Presidential candidate Donald Trump got an enthusiastic reception when he campaigned in Lakeland recently, and he probably noticed that Polk County -- to coin a phrase -- is really "huge". It's about the size of Delaware, and for the past 20 years, the Republican party has dominated the political scene there.
One of the politicians stumping at the Trump rally in Lakeland was native son Dennis Ross, U.S. congressman for District 15, which includes the western part of Polk County.
"It is so good to be back home in Lakeland," Ross told the crowd, "a place where my wife and I were born and raised, and where I was elected six years ago to the United States Congress to make change, and I'll be damned if I'm going to concede this White House to the Democratic Party."
Ross played to the crowd -- touching on some popular Polk County activities to show he knew his audience -- and warning of a Supreme court under a Clinton presidency.
"Those of us who are law abiding, card carryin', concealed weapon gun owners, hunters, sportsmen, fishermen, all of us who enjoy the great outdoors," Ross said, "will now have a liberal court to erode and eviscerate the second amendment like we've never seen"

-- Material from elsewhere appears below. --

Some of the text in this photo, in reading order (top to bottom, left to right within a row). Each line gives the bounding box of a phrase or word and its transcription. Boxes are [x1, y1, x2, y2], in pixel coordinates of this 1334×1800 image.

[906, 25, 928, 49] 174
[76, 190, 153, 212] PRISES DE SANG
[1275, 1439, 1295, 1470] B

There are plenty of opportunities for hunting and fishing in Polk, and a lot of land in the county is still devoted to agriculture and citrus. Phosphate mining has been a major industry here for generations. It's not a wealthy county. The median income is several thousand dollars lower than the state average, while the poverty rate is several points higher.
Polk is represented in the state legislature by conservative Republicans Sen. Kelli Stargel and Rep. Neil Combee. But until the mid-90s, Polk was a Democratic party bastion, say longtime political observers like Bill Rufty, the former political editor at The Ledger newspaper.

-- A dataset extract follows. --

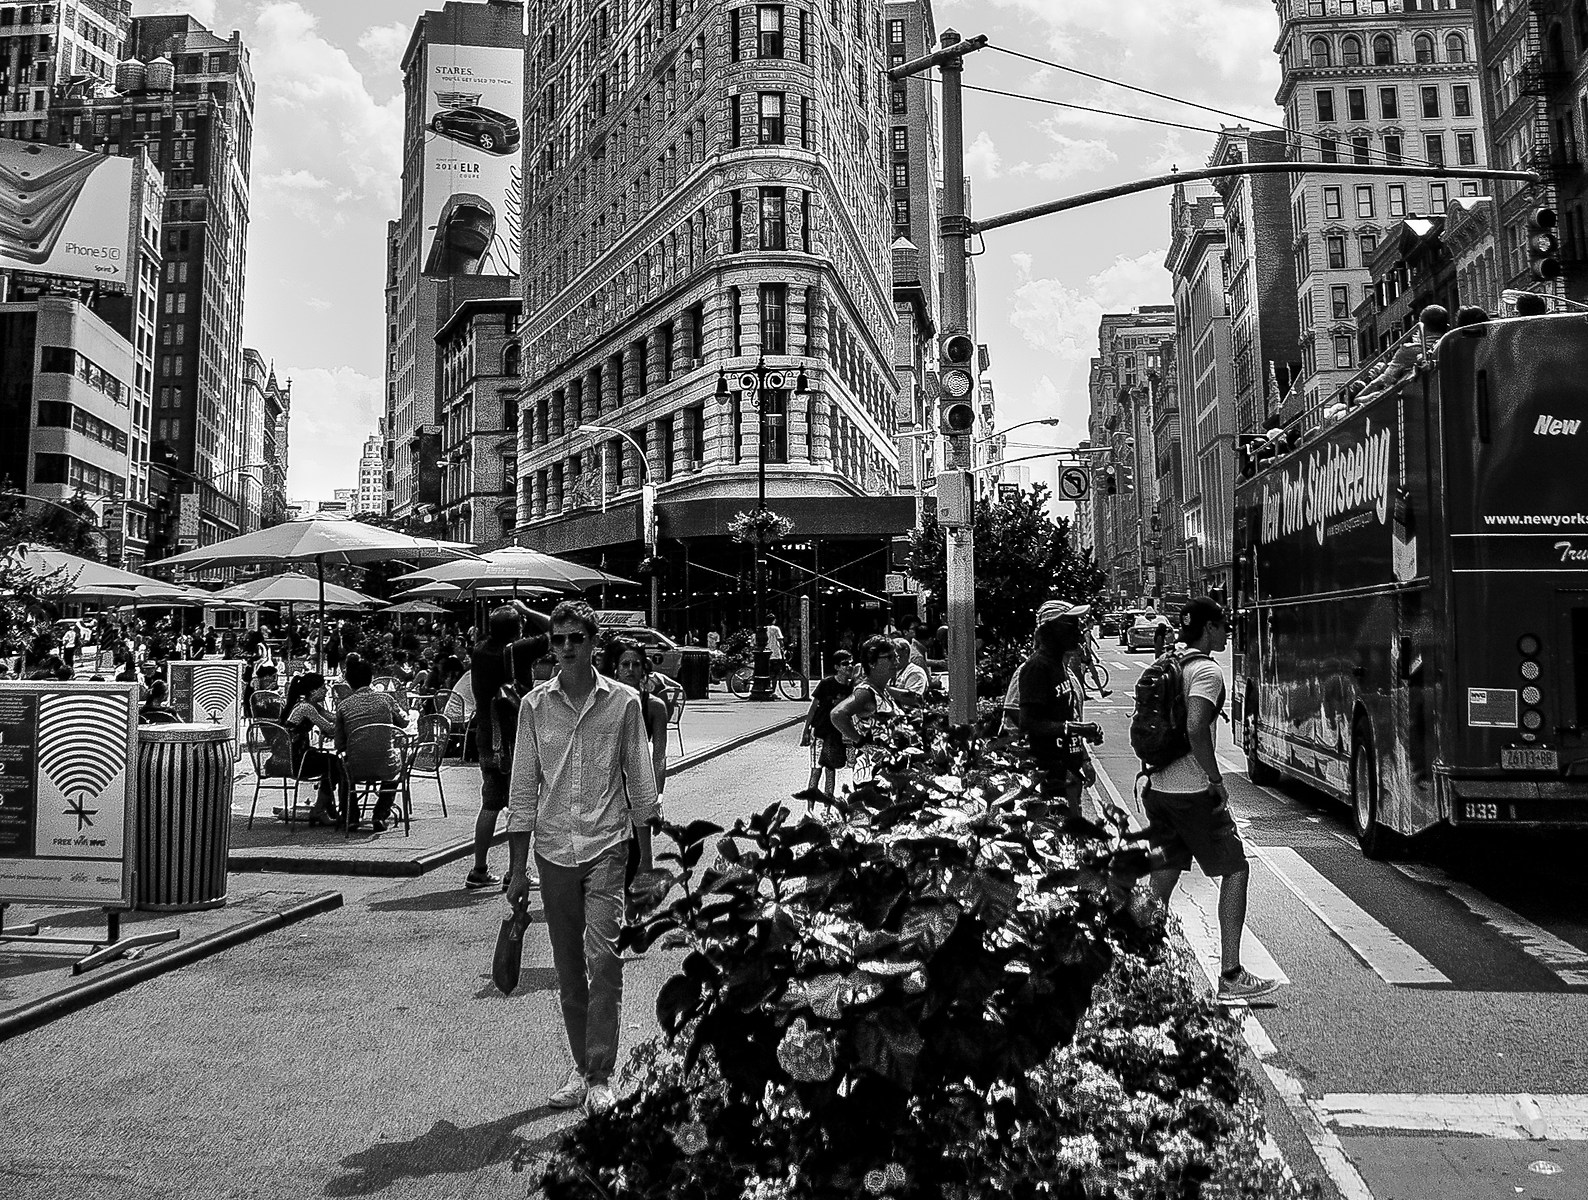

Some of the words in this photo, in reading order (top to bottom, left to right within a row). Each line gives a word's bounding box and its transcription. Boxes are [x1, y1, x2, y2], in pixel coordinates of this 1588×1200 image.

Rufty says the Democratic Party controlled Polk County for more than a century. Polk sent three Democratic governors to Tallahassee, though the next likely candidate from Polk, Agriculture Commissioner Adam Putnam, is a Republican. So what happened? Democrats didn't know how to operate as the minority party, Rufty says, and couldn't get their act together.
"They were resting on their laurels," he said, "plus the fact that there was no control over who might run."
Lately though, Rufty says the Democrats are starting to run better candidates, and they're starting to get organized. Organization, Rufty feels, is just as important as ideology when it comes to getting votes.
Also helping the Democrats in Polk is the influx of Puerto Ricans into Osceola County, which is spilling into eastern Polk County as well. There are actually more registered Democrats than Republicans on the voter rolls.
"It will be interesting to see now whether or nor the demographics have changed enough that Secretary Clinton will be able to win Polk County," Rufty says. "In my own mind, based on the strong conservatism in the south portion of the county and the west portion of the county, I don't think she will be able to do that."
But it will be close, Rufty says. And there may be enough Democratic votes in Polk County to help swing the I-4 corridor, and thus swing the state.